§ **Brief**
In the records below, find the line with "Some of the words", then copy each line exactly until you have copied the line with "this 1600×1067 image.". Leave any picture out.
*** Supplied records ***
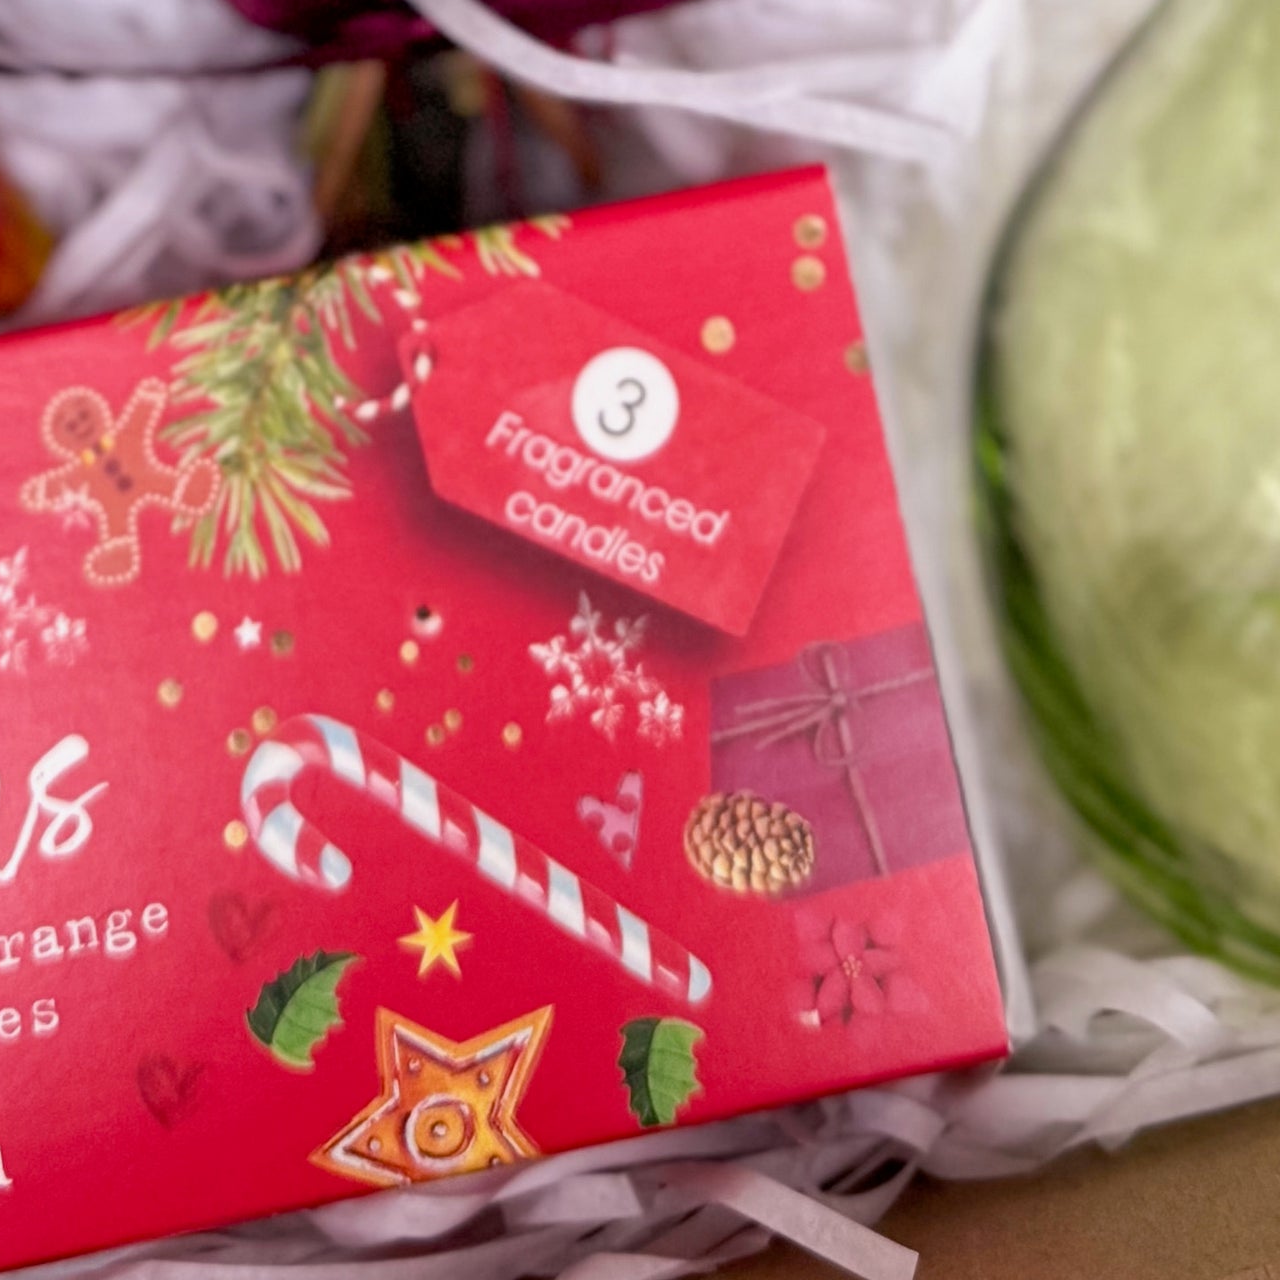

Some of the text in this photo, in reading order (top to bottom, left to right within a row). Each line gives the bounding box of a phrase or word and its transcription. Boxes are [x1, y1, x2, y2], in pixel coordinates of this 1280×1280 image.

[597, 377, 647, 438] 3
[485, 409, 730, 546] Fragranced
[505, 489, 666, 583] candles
***
*** Supplied records ***
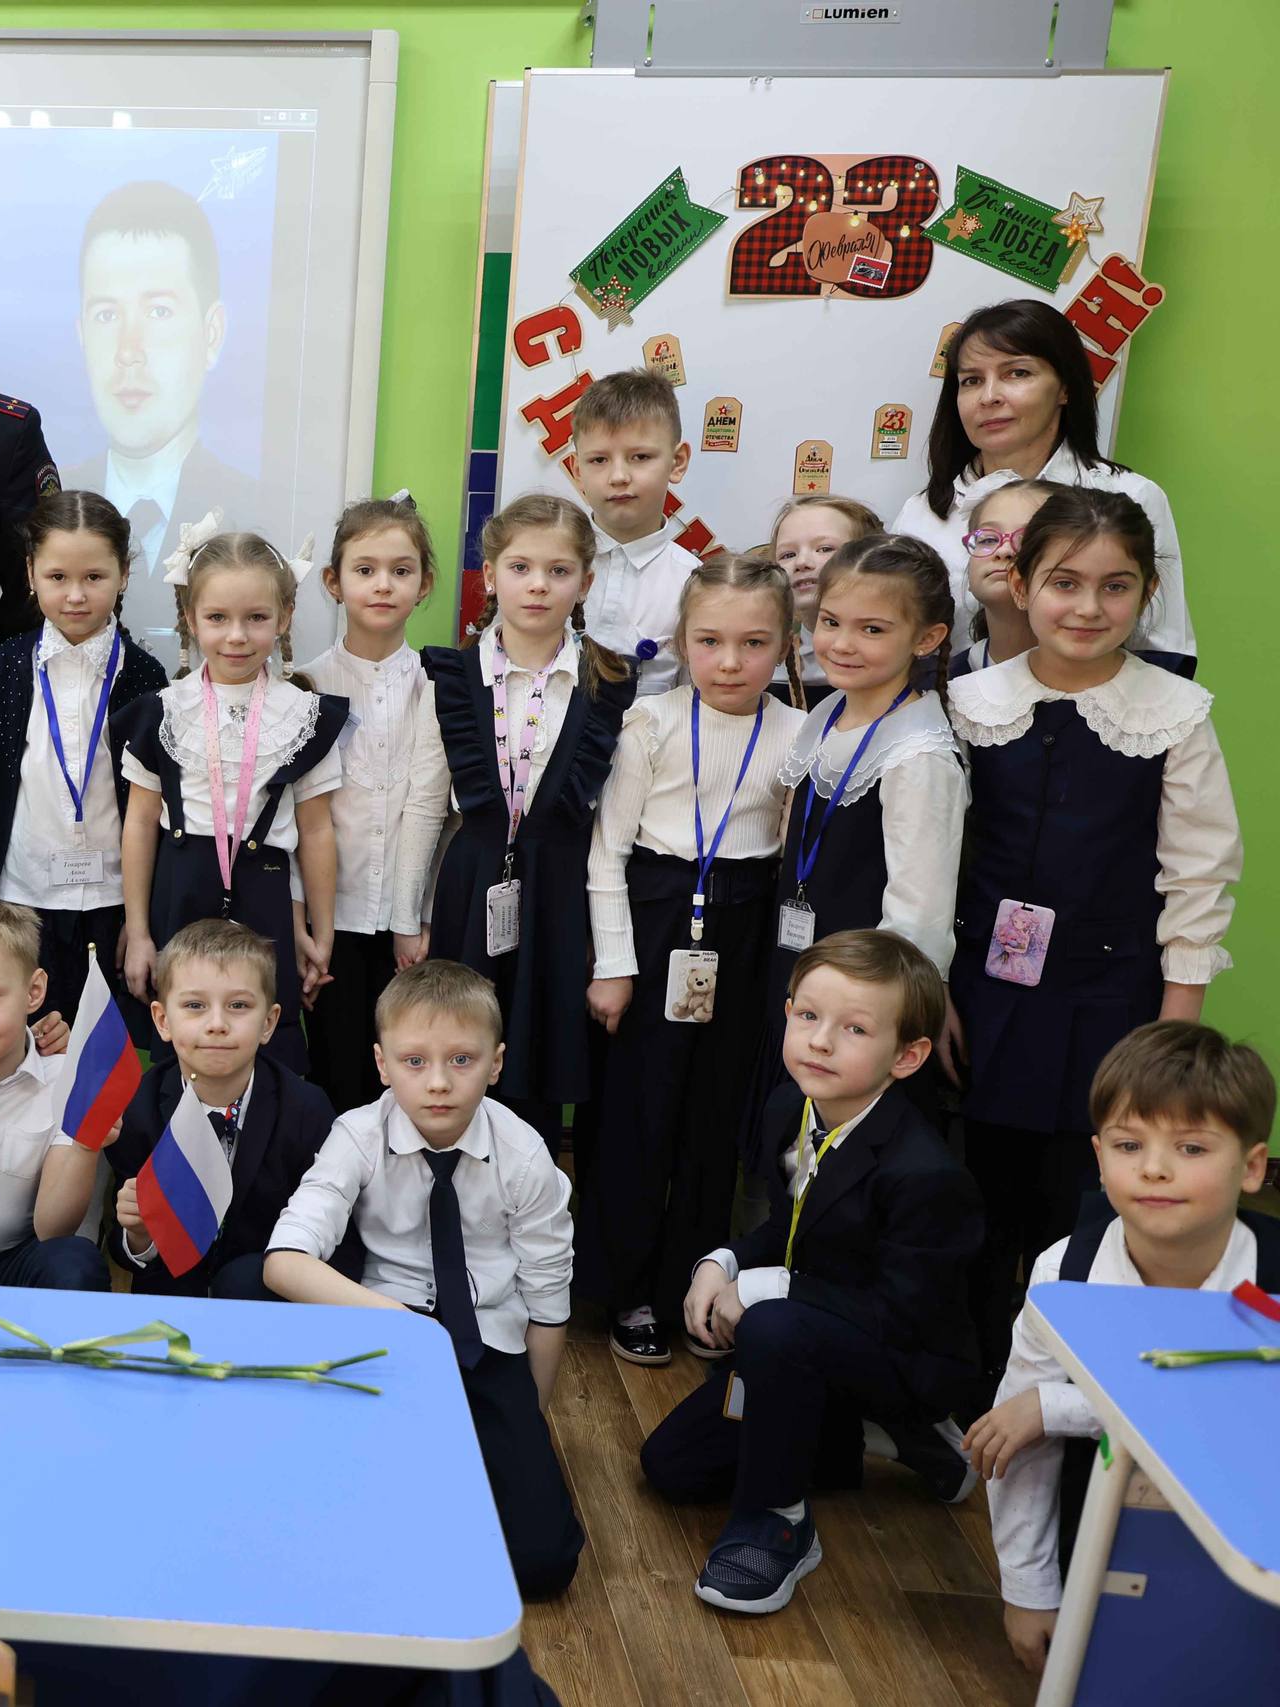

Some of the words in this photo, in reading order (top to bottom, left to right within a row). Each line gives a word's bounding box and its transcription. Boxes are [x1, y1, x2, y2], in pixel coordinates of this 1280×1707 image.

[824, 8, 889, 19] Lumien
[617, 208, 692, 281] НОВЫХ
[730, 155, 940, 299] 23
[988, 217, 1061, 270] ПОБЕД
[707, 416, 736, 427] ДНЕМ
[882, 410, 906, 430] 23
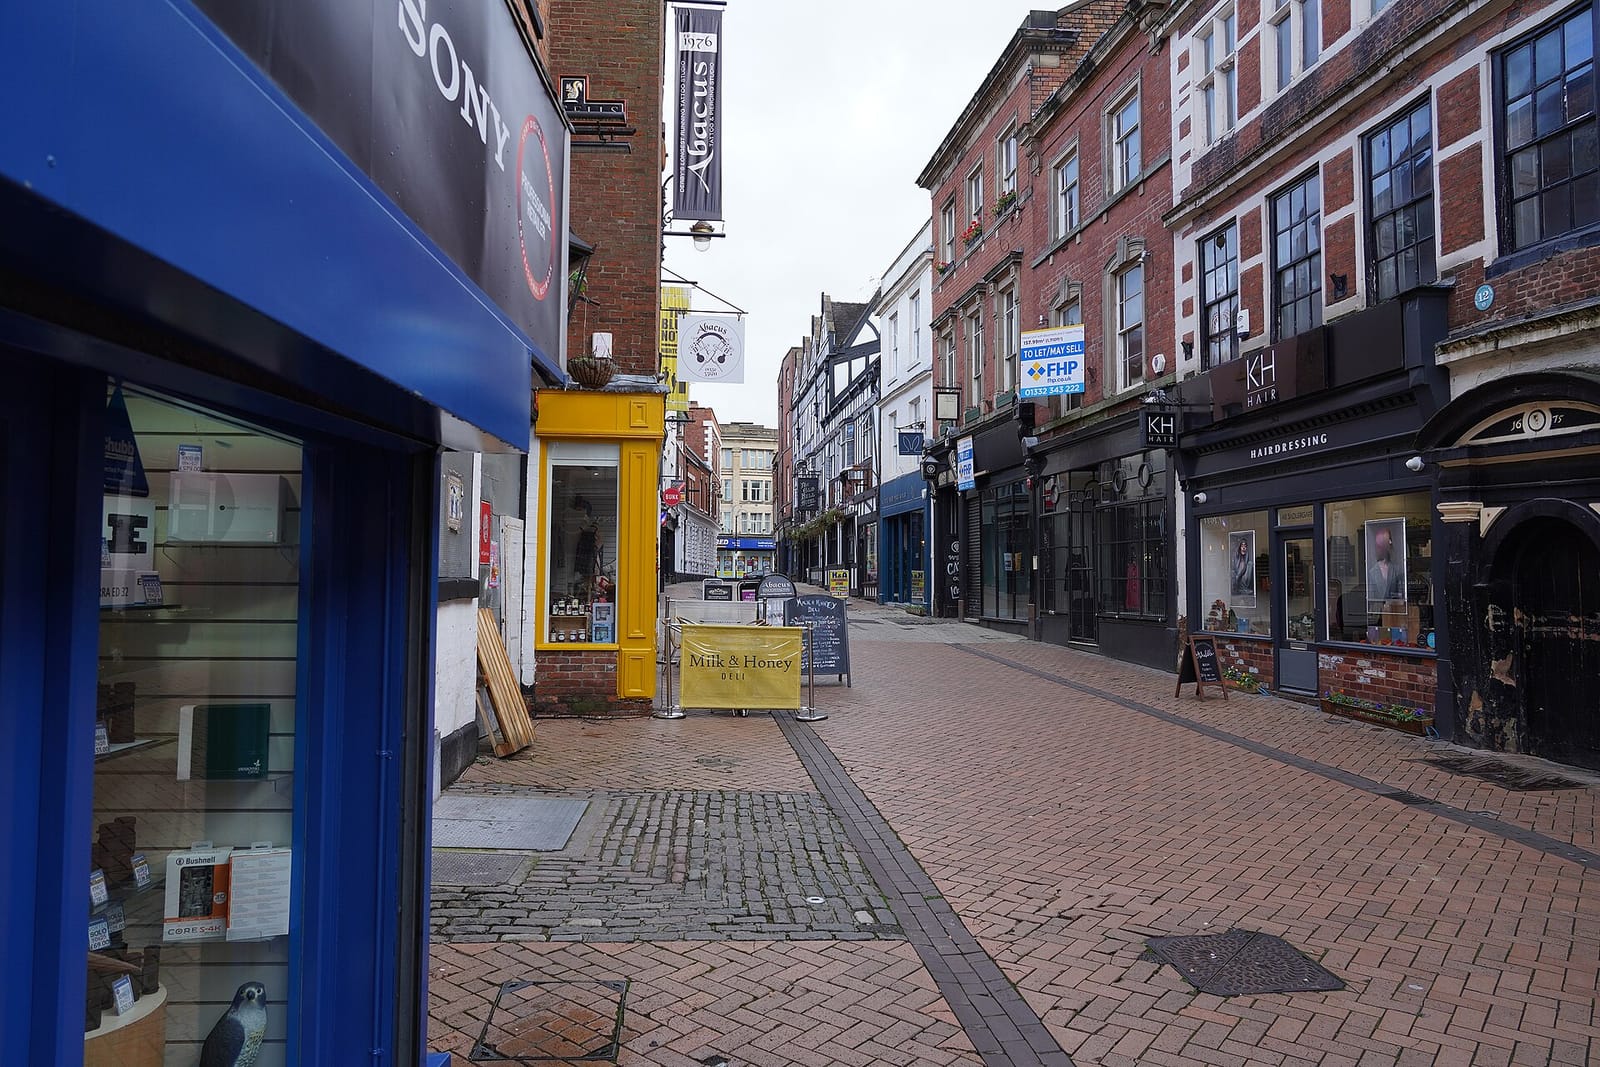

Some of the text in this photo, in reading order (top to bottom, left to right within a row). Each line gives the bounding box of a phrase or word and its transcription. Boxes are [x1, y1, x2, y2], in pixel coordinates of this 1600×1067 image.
***
§ **Solution to this problem**
Some of the words in this photo, in reading order (top to bottom, left to right within a row). Each line gives a word's bounding box and its transcription. Boxes are [x1, y1, x2, y2], in pixel coordinates of this 1280×1707 image.

[824, 8, 889, 19] Lumien
[617, 208, 692, 281] НОВЫХ
[730, 155, 940, 299] 23
[988, 217, 1061, 270] ПОБЕД
[707, 416, 736, 427] ДНЕМ
[882, 410, 906, 430] 23

Some of the text in this photo, in reading order (top to bottom, left to right within a row). Each line gives the bounding box of a phrase or word and its transcription. Boxes are [x1, y1, x2, y2], in pixel coordinates of this 1600×1067 image.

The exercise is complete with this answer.